◆ **WHAT THE TASK REQUIRES**: Ignoring every picture, transcribe the data in full as it stands.

═══ EXTRACTED MATERIAL

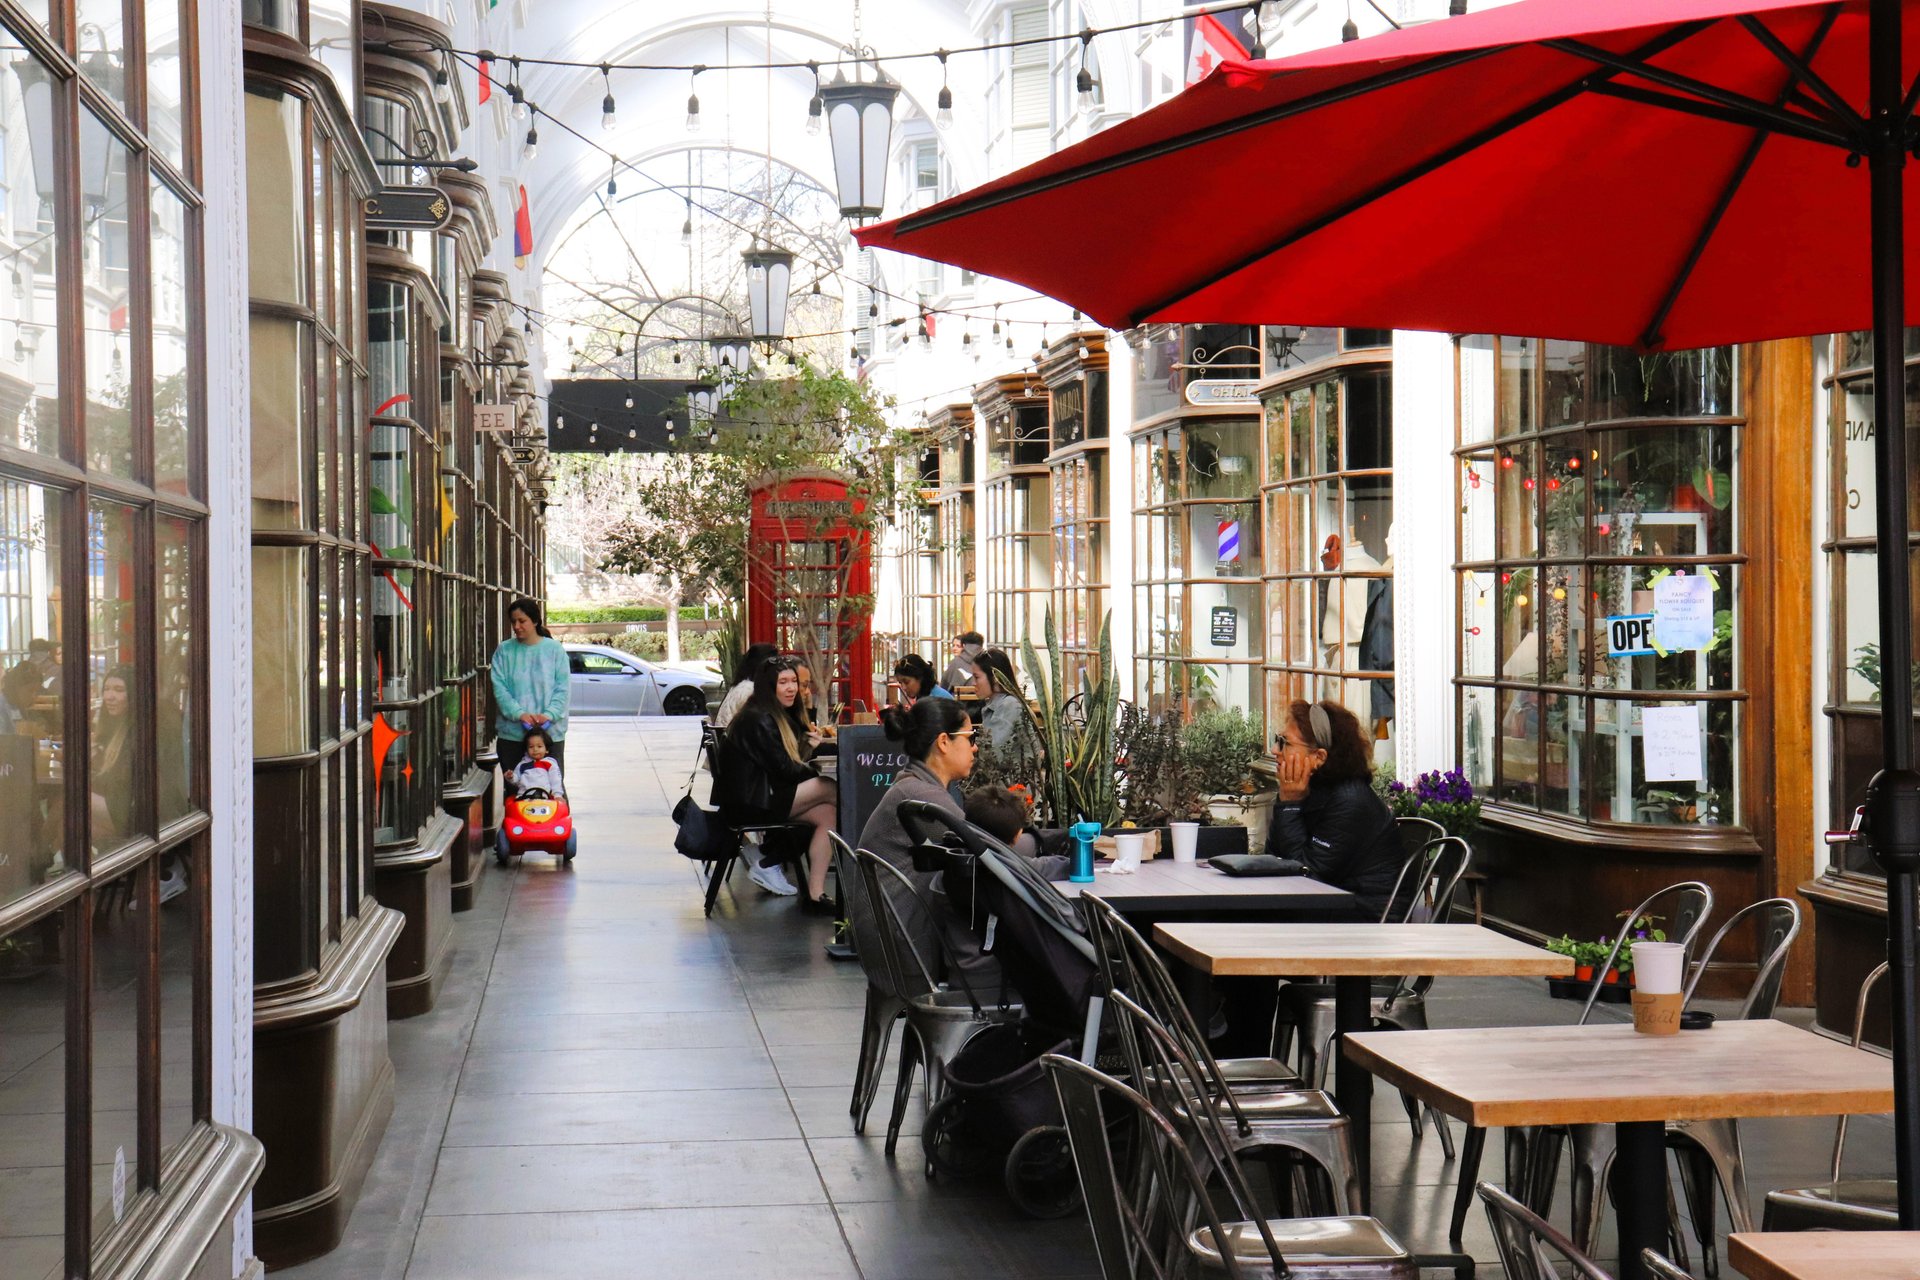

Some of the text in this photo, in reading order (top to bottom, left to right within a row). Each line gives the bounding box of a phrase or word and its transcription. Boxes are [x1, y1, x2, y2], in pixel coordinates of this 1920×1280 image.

[474, 413, 505, 428] EE
[625, 624, 648, 633] ORVIS
[1612, 619, 1654, 652] OPE
[856, 751, 906, 767] WELC
[871, 773, 896, 788] PL
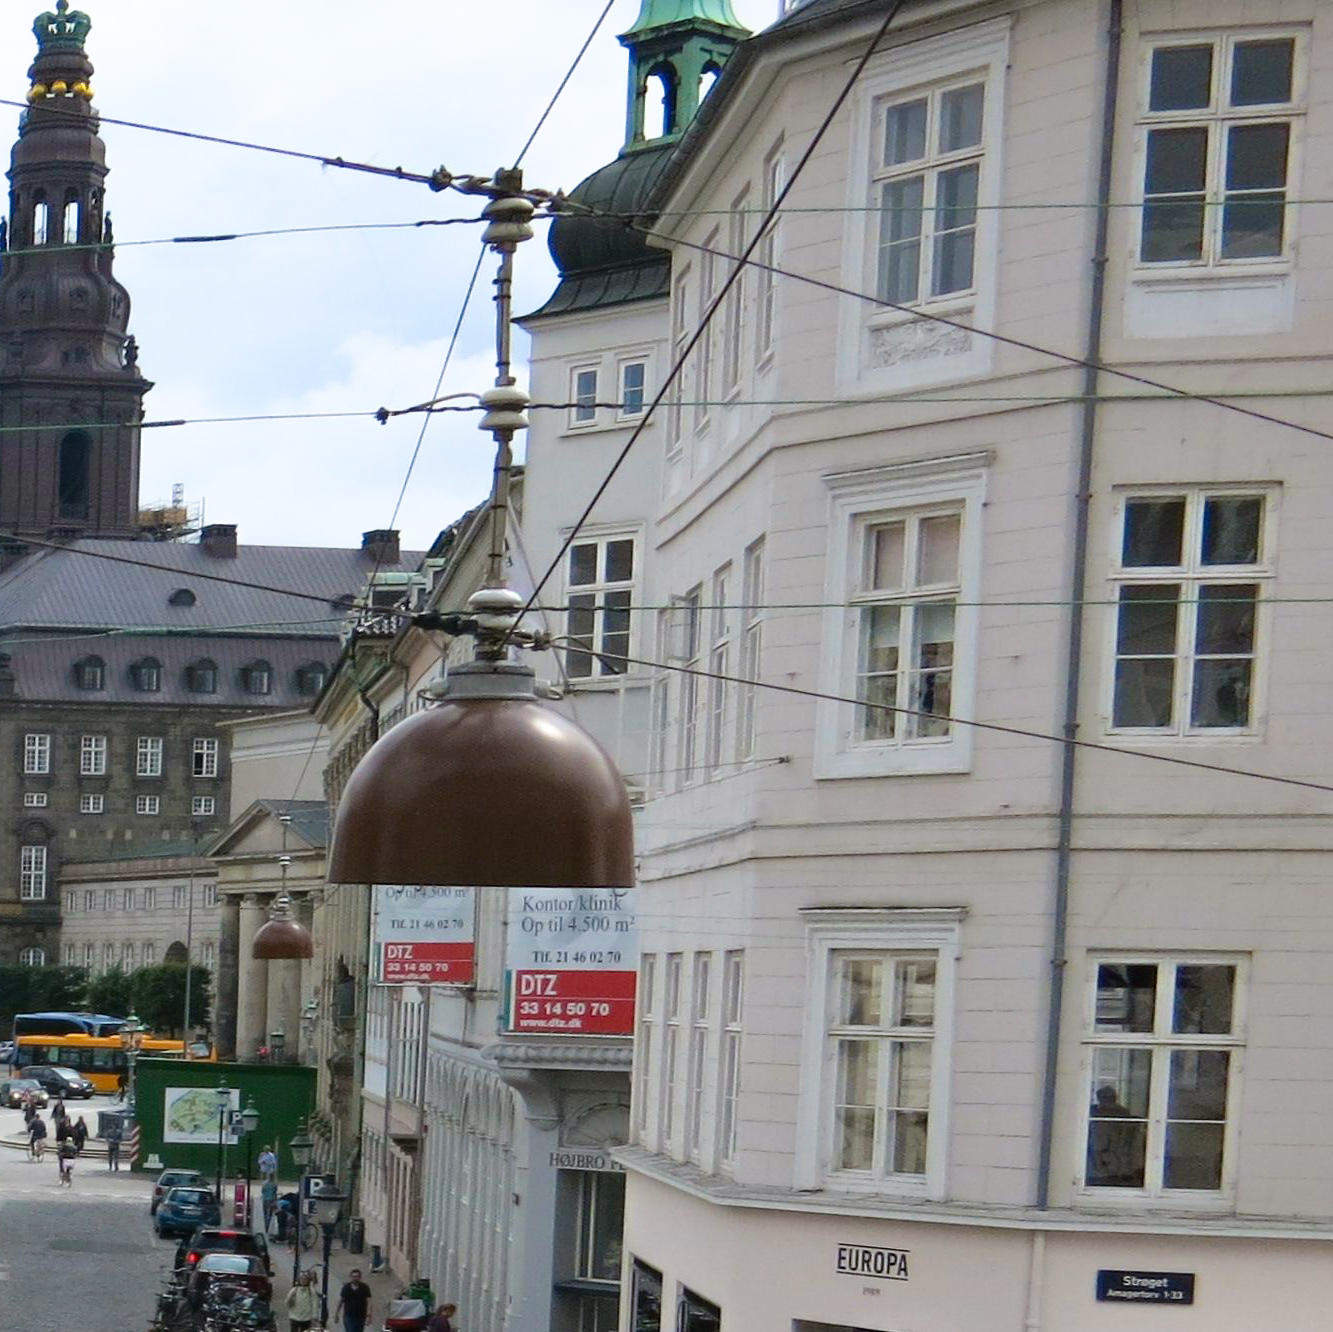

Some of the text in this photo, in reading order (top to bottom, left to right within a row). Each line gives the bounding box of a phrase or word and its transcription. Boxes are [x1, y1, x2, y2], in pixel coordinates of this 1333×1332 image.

[410, 919, 420, 929] 21
[424, 919, 435, 929] 46
[437, 919, 449, 929] 02
[452, 919, 464, 929] 70
[521, 916, 543, 936] Op
[548, 917, 563, 933] til
[567, 916, 610, 932] 4.500
[387, 944, 413, 959] DTZ
[532, 951, 621, 963] Tlf. 21 46 02 70
[387, 962, 449, 973] 33 14 50 70
[520, 974, 558, 996] DTZ
[520, 1002, 610, 1017] 33 14 50 70
[519, 1018, 582, 1029] www.dtz.dk
[549, 1152, 606, 1170] HØJBRO
[837, 1247, 909, 1277] EUROPA
[1123, 1276, 1168, 1288] Strøget

══════

◆ **RESPONSE AREA**:
Some of the text in this photo, in reading order (top to bottom, left to right within a row). Each line gives the bounding box of a phrase or word and its transcription. Boxes are [x1, y1, x2, y2], in pixel coordinates of this 1920×1280 image.

[474, 413, 505, 428] EE
[625, 624, 648, 633] ORVIS
[1612, 619, 1654, 652] OPE
[856, 751, 906, 767] WELC
[871, 773, 896, 788] PL

Some of the text in this photo, in reading order (top to bottom, left to right within a row). Each line gives the bounding box of a phrase or word and its transcription. Boxes are [x1, y1, x2, y2], in pixel coordinates of this 1333×1332 image.

[410, 919, 420, 929] 21
[424, 919, 435, 929] 46
[437, 919, 449, 929] 02
[452, 919, 464, 929] 70
[521, 916, 543, 936] Op
[548, 917, 563, 933] til
[567, 916, 610, 932] 4.500
[387, 944, 413, 959] DTZ
[532, 951, 621, 963] Tlf. 21 46 02 70
[387, 962, 449, 973] 33 14 50 70
[520, 974, 558, 996] DTZ
[520, 1002, 610, 1017] 33 14 50 70
[519, 1018, 582, 1029] www.dtz.dk
[549, 1152, 606, 1170] HØJBRO
[837, 1247, 909, 1277] EUROPA
[1123, 1276, 1168, 1288] Strøget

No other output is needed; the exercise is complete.